After the March for Life, More Work Ahead to Save Lives & Serve Moms
Drawing hundreds of thousands of grassroots pro-life advocates from virtually every corner of the nation, the March for Life is America’s largest annual pro-life demonstration and is always an inspiration. After Dobbs, the need to stand and raise our voices for the human rights of the unborn and to come together in support of their mothers not only continues but is more important than ever.
In a Washington Post op-ed, Dannenfelser laid out the movement’s current crossroads:
We celebrate that 20 states now have laws in effect protecting unborn children and their mothers before the first trimester ends. Yet there are more abortions now than before — at least 1 million a year. That makes abortion the nation’s top cause of death by far, driven by covid-era policies implemented under President Joe Biden that allow abortion drugs like mifepristone to be bought online and shipped without the patient ever seeing a doctor in person. Flooded with these mail-order drugs, even the most pro-life states cannot enforce their laws — undermining Trump’s “back to the states” position.
The day of the March, Dannenfelser joined C-SPAN’s Washington Journal to discuss the state of the movement:
- Flexible on the Hyde Amendment? “Great to be flexible on all sorts of things…yoga, what you eat tonight, what you’re going to wear.” Inappropriate, however, on the bedrock principle of not forcing taxpayers to fund the destruction of innocent lives.
- How big is the Republican Party’s pro-life voter base? “Enormous,” says Dannenfelser, rejecting the claim that pro-life voters are “the cheapest dates” in politics.
I speak every day with women and girls in moments of fear, pain, and confusion — often in the middle of the night, when no one else is willing to answer the phone. Over the past year, I have noticed a troubling pattern that should concern anyone who cares about women’s health, parental responsibility, and basic medical ethics.
The number of calls from women related to chemical abortions is increasing, as is the confusion. Women ask whether the amount of blood they’re losing is normal. They aren’t sure if they took the pills correctly, or at the right time, or in the right dose. Many don’t know how many weeks pregnant they are. They were told this would be simple, private, and empowering. In reality, it is often chaotic and isolating.
Ob-gyn Dr. Ingrid Skop added the voice of more than 30 years’ experience caring for patients as well:
In no other area of medicine are patients deliberately given drugs whose expected effects include significant pain and heavy bleeding — as well as other frequent complications — and then left to manage those effects without medical oversight. This intentional downgrading of medical care contrasts dramatically with the care provided to women in other pregnancy emergencies…

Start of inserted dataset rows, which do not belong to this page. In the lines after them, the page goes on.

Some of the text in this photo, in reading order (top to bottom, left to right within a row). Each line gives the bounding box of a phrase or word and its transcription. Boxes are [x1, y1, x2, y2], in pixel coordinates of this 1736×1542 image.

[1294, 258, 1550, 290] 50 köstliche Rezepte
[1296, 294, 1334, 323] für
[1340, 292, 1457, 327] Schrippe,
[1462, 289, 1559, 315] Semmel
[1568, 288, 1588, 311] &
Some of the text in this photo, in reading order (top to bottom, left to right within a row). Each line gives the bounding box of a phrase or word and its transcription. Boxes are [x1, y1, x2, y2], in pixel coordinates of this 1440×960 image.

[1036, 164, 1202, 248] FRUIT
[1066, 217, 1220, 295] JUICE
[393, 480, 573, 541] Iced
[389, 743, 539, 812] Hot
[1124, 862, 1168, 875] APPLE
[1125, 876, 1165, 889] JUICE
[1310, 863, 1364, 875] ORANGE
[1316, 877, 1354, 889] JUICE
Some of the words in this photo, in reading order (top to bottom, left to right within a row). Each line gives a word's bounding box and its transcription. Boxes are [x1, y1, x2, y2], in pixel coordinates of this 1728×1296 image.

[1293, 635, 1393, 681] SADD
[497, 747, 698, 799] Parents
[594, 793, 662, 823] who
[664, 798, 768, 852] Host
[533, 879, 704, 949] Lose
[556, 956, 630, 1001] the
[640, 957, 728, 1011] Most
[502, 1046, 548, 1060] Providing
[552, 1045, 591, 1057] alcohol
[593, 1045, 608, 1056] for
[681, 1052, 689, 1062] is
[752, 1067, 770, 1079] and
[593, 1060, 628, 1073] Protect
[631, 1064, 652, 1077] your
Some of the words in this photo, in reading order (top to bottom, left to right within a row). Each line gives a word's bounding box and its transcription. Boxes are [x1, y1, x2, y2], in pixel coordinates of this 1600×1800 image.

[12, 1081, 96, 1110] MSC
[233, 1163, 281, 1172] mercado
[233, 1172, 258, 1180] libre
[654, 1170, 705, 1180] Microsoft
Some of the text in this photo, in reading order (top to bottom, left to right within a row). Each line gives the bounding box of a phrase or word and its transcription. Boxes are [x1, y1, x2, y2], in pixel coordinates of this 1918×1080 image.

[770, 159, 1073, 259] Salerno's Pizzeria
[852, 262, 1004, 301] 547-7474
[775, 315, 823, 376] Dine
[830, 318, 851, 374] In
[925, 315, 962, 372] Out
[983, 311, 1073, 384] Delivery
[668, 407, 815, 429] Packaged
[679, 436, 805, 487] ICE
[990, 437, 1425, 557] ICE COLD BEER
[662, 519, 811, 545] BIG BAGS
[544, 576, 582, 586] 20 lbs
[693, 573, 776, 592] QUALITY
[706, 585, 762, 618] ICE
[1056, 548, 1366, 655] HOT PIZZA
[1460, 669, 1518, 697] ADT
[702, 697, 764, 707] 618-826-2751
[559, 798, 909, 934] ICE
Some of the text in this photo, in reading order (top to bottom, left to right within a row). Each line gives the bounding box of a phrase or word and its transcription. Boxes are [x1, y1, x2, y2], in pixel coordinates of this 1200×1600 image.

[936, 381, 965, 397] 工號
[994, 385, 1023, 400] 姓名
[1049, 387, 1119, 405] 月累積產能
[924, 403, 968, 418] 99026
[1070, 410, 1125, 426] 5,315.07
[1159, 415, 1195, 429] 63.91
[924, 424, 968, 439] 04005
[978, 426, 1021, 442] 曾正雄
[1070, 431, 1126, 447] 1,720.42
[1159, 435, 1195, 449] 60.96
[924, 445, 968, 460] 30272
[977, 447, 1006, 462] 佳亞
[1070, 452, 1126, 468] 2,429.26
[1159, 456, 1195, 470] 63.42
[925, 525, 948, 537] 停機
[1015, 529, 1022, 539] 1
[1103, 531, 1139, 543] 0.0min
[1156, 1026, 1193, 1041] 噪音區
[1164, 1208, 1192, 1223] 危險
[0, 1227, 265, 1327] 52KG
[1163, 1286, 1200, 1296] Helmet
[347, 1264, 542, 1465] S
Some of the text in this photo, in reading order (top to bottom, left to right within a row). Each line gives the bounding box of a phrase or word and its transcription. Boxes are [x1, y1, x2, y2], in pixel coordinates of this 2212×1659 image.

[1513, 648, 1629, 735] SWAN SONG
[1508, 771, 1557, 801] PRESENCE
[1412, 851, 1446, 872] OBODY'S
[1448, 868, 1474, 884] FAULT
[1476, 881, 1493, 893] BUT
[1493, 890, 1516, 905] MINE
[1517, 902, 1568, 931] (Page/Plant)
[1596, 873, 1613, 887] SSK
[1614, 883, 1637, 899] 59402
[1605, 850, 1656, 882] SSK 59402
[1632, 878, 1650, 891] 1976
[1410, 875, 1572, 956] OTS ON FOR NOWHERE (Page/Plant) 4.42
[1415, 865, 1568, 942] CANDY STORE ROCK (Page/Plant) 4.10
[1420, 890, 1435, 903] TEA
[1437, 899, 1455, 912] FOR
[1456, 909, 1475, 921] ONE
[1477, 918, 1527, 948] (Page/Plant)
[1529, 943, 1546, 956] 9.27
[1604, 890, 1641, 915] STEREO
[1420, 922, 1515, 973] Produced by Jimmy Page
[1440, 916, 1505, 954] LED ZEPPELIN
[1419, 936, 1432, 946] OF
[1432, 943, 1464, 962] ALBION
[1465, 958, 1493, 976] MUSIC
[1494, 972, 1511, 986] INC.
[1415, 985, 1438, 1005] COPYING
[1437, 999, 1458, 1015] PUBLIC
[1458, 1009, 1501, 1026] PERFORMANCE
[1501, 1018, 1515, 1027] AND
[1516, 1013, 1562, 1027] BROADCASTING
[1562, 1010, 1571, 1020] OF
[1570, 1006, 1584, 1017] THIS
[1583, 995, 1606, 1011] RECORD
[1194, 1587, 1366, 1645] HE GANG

What the abortion industry has normalized with mail-order abortion drugs would be considered medical abandonment in any other situation.
We talked to grassroots marchers, including voters from the influential state of Iowa, who were knowledgeable on the subject of abortion drugs and want to see more action:
SBA’s Kelsey Pritchard, mom of four with one yet unborn, reacted:
“It is time for the Trump-Vance administration to act and at a minimum restore in-person dispensing, getting these dangerous drugs out of the mail. Doing so would allow states to enforce their laws, protect countless unborn lives, and restore essential medical oversight to stop the coercion and abuse of women nationwide.”